◆ **WHAT YOU ARE ASKED TO DO**: A complete answer retypes each of the records below precisely and includes none of the pictures.
SUPPLIED MATERIAL: Begin
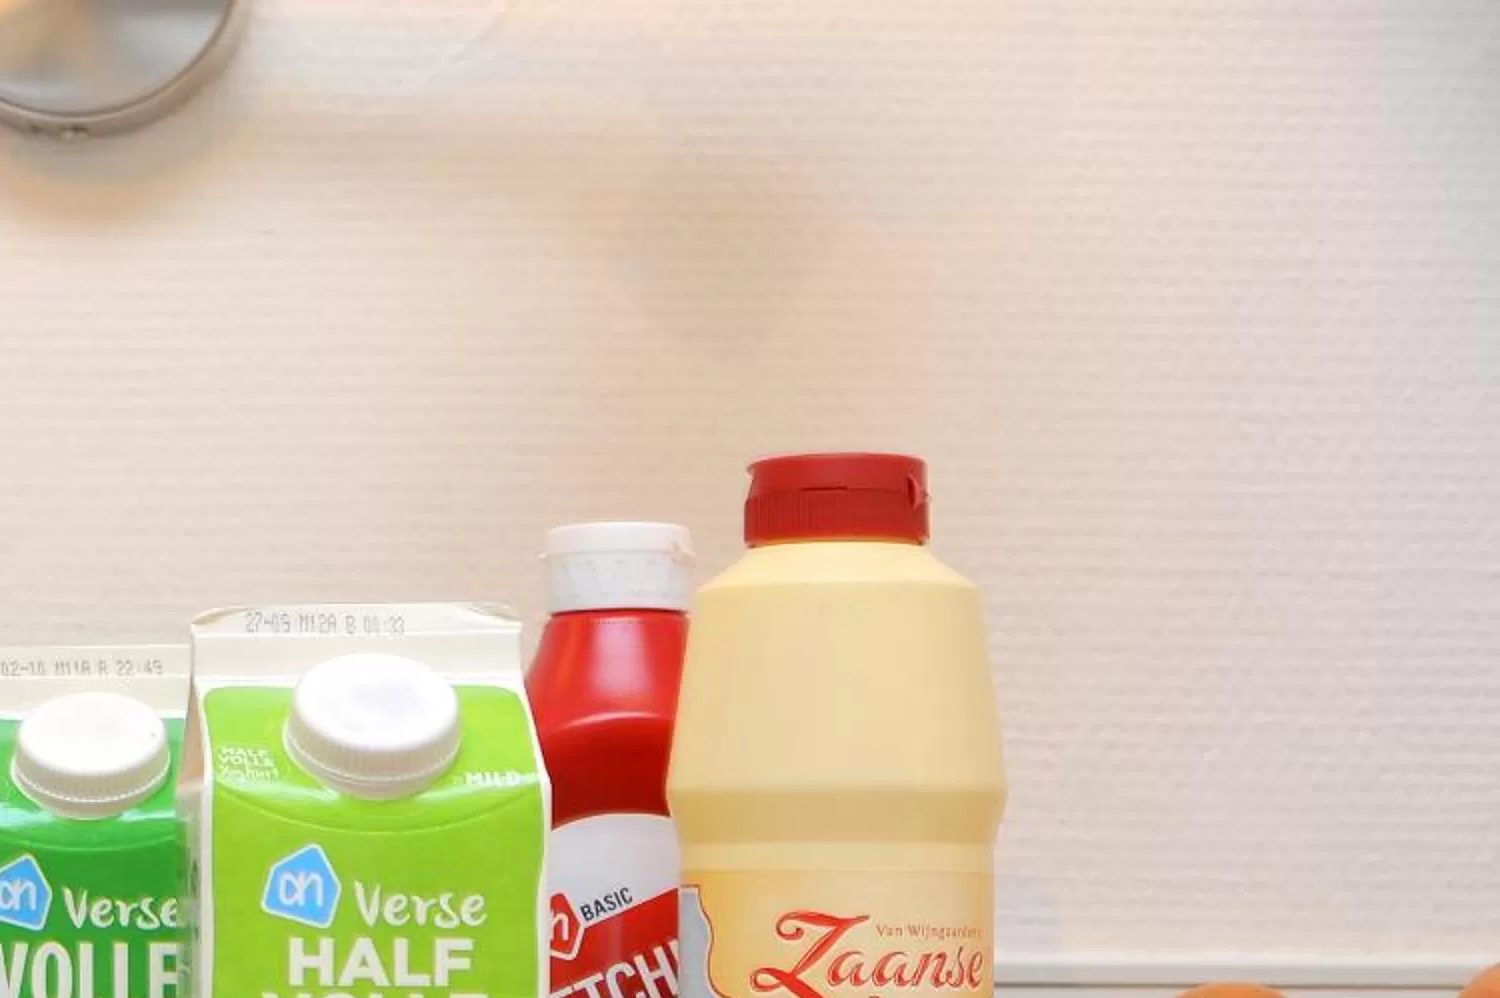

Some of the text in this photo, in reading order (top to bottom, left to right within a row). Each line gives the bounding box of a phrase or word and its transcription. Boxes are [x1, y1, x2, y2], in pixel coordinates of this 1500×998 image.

[62, 886, 179, 931] Verse
[354, 879, 489, 930] Verse
[580, 887, 633, 922] BASIC
[876, 923, 903, 938] Van
[288, 936, 476, 987] HALF
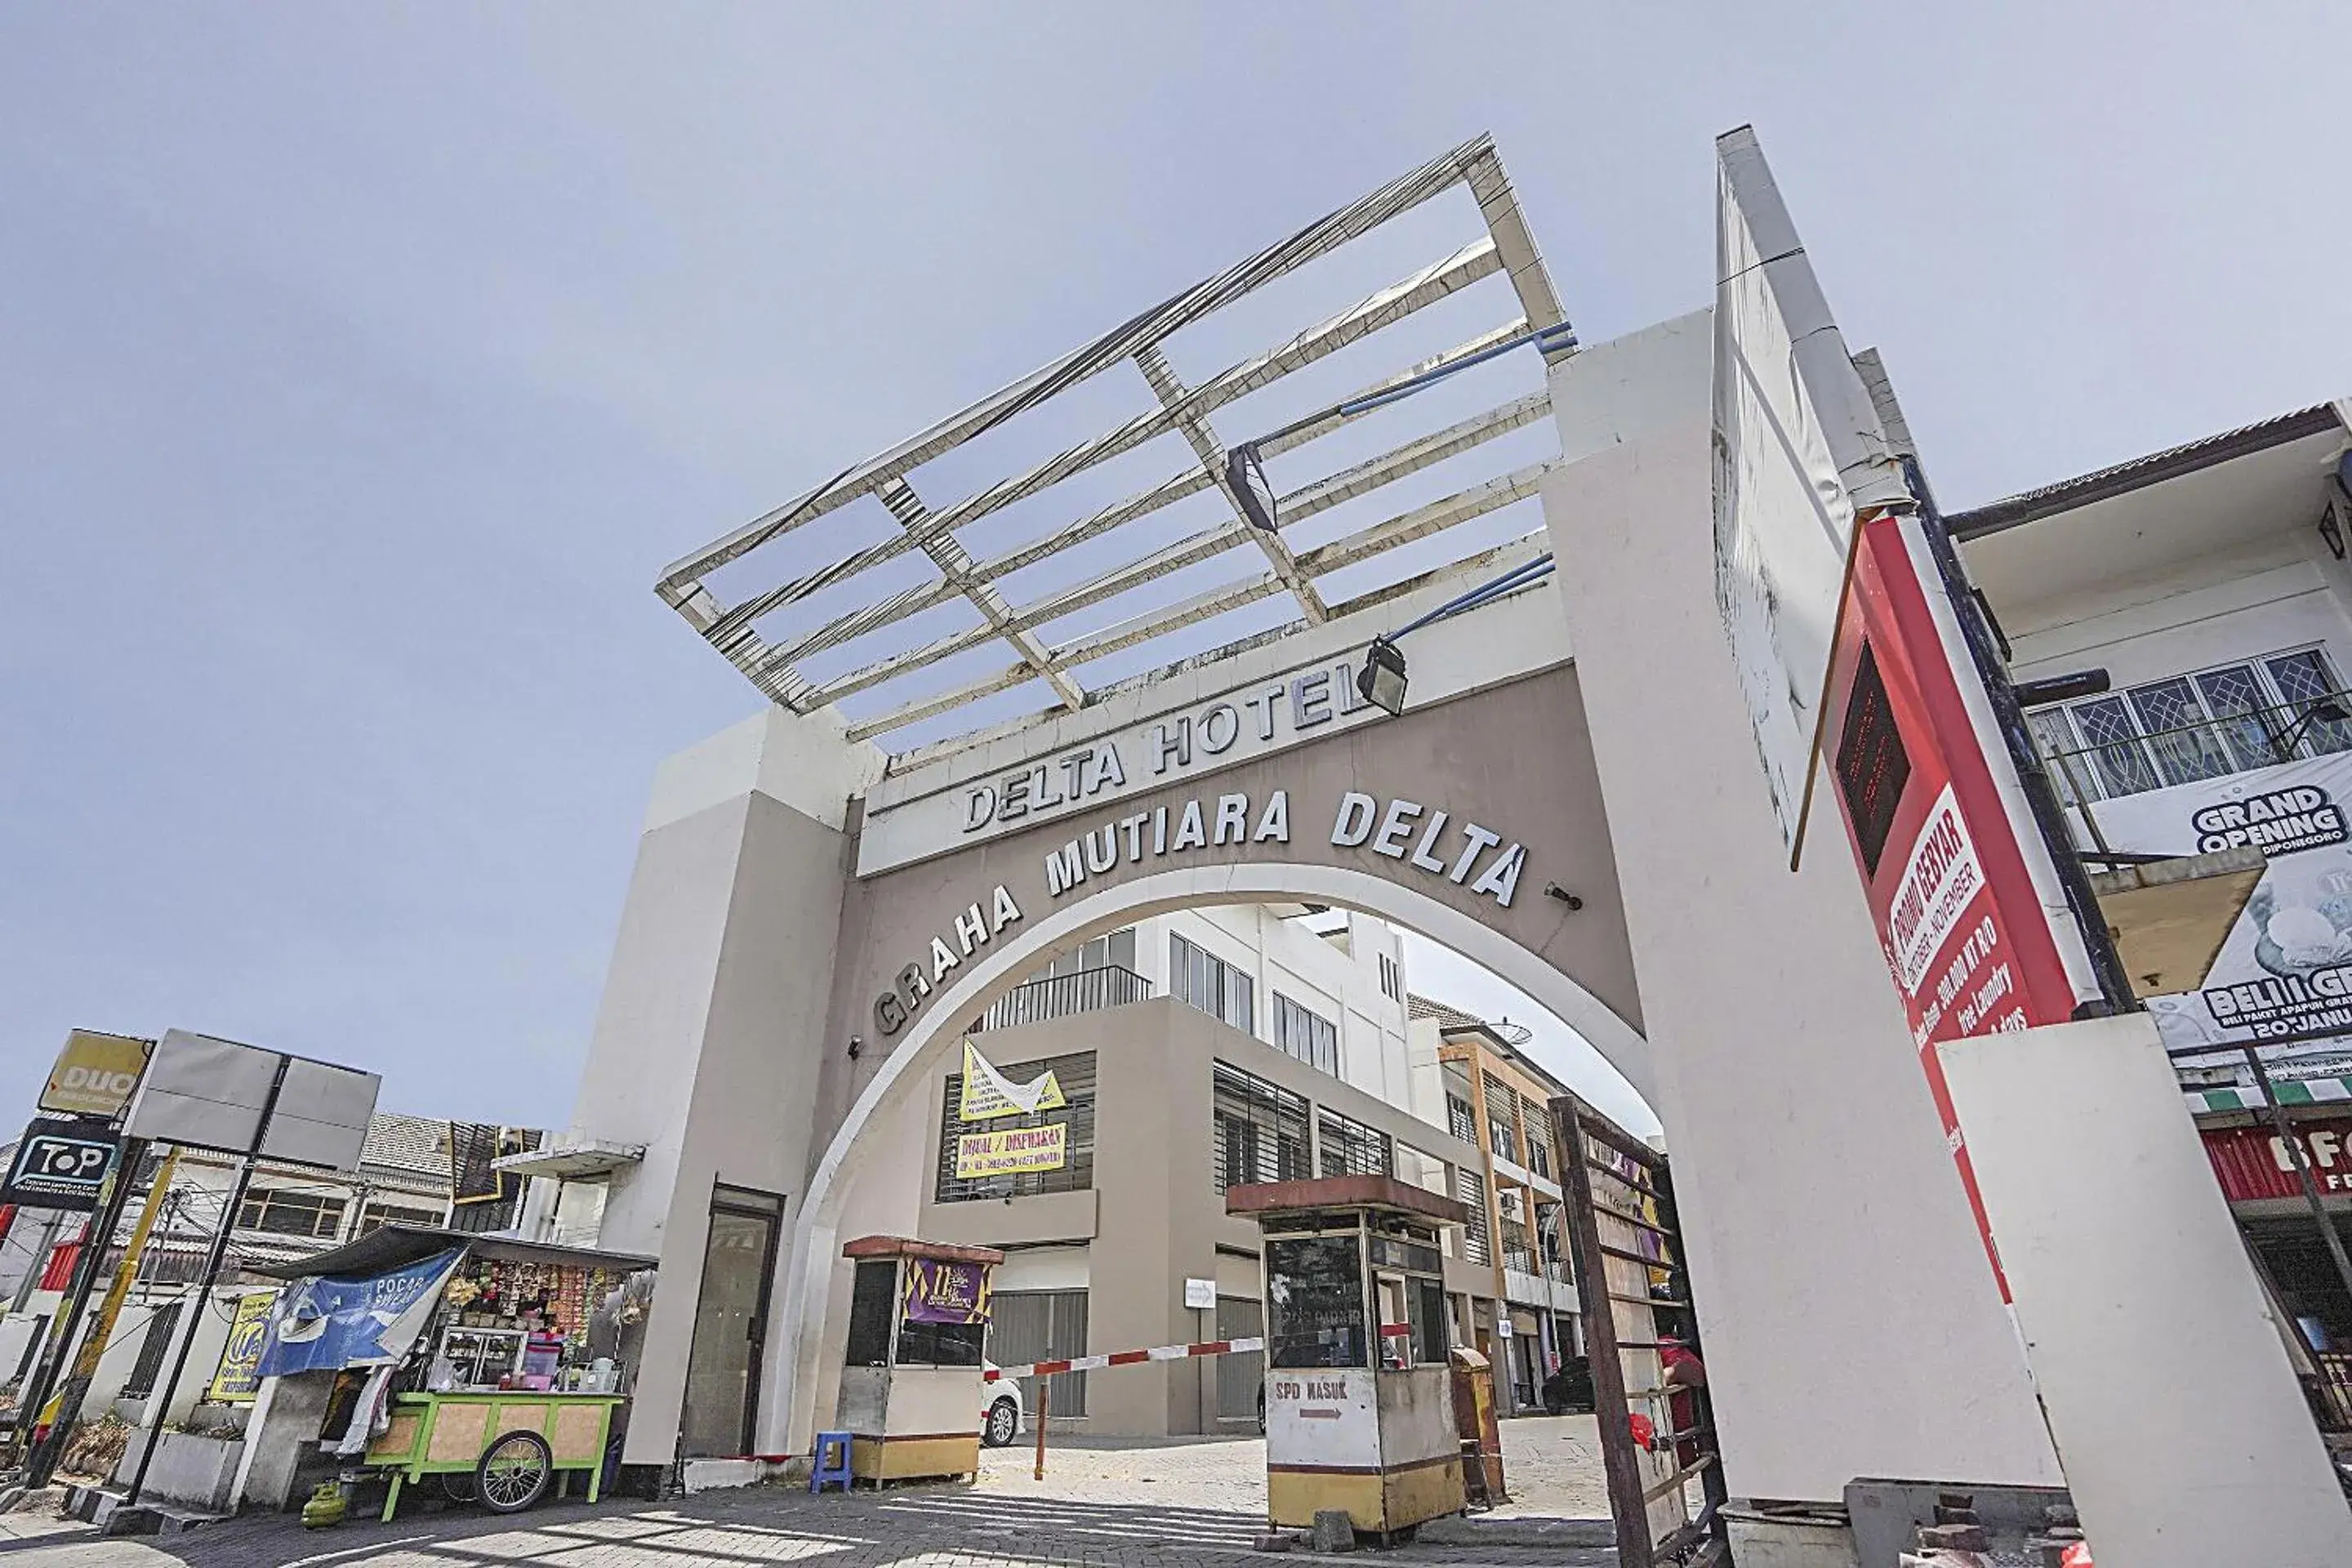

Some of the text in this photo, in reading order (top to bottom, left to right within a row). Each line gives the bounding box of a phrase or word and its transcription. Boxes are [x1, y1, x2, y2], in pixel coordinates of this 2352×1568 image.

[964, 662, 1374, 834] DELTA HOTEL
[2198, 787, 2322, 832] GRAND
[2203, 808, 2341, 853] OPENING
[1916, 808, 1963, 904] GEBYAR
[873, 791, 1530, 1036] GRAHA MUTIARA DELTA
[1931, 862, 1976, 937] NOVEMBER
[1971, 962, 2013, 1018] Laundry
[2207, 980, 2285, 1017] BELI
[2245, 1009, 2278, 1022] PAKET
[2281, 1000, 2324, 1016] APAPUN
[63, 1066, 137, 1095] DUO
[40, 1143, 103, 1176] TOP
[376, 1277, 425, 1297] POCAR
[1276, 1381, 1348, 1400] SPD MASUK
SUPPLIED MATERIAL: End
◆ **WRITTEN RESPONSE**:
Some of the text in this photo, in reading order (top to bottom, left to right within a row). Each line gives the bounding box of a phrase or word and its transcription. Boxes are [x1, y1, x2, y2], in pixel coordinates of this 1500×998 image.

[62, 886, 179, 931] Verse
[354, 879, 489, 930] Verse
[580, 887, 633, 922] BASIC
[876, 923, 903, 938] Van
[288, 936, 476, 987] HALF

Some of the text in this photo, in reading order (top to bottom, left to right within a row). Each line gives the bounding box of a phrase or word and its transcription. Boxes are [x1, y1, x2, y2], in pixel coordinates of this 2352×1568 image.

[964, 662, 1374, 834] DELTA HOTEL
[2198, 787, 2322, 832] GRAND
[2203, 808, 2341, 853] OPENING
[1916, 808, 1963, 904] GEBYAR
[873, 791, 1530, 1036] GRAHA MUTIARA DELTA
[1931, 862, 1976, 937] NOVEMBER
[1971, 962, 2013, 1018] Laundry
[2207, 980, 2285, 1017] BELI
[2245, 1009, 2278, 1022] PAKET
[2281, 1000, 2324, 1016] APAPUN
[63, 1066, 137, 1095] DUO
[40, 1143, 103, 1176] TOP
[376, 1277, 425, 1297] POCAR
[1276, 1381, 1348, 1400] SPD MASUK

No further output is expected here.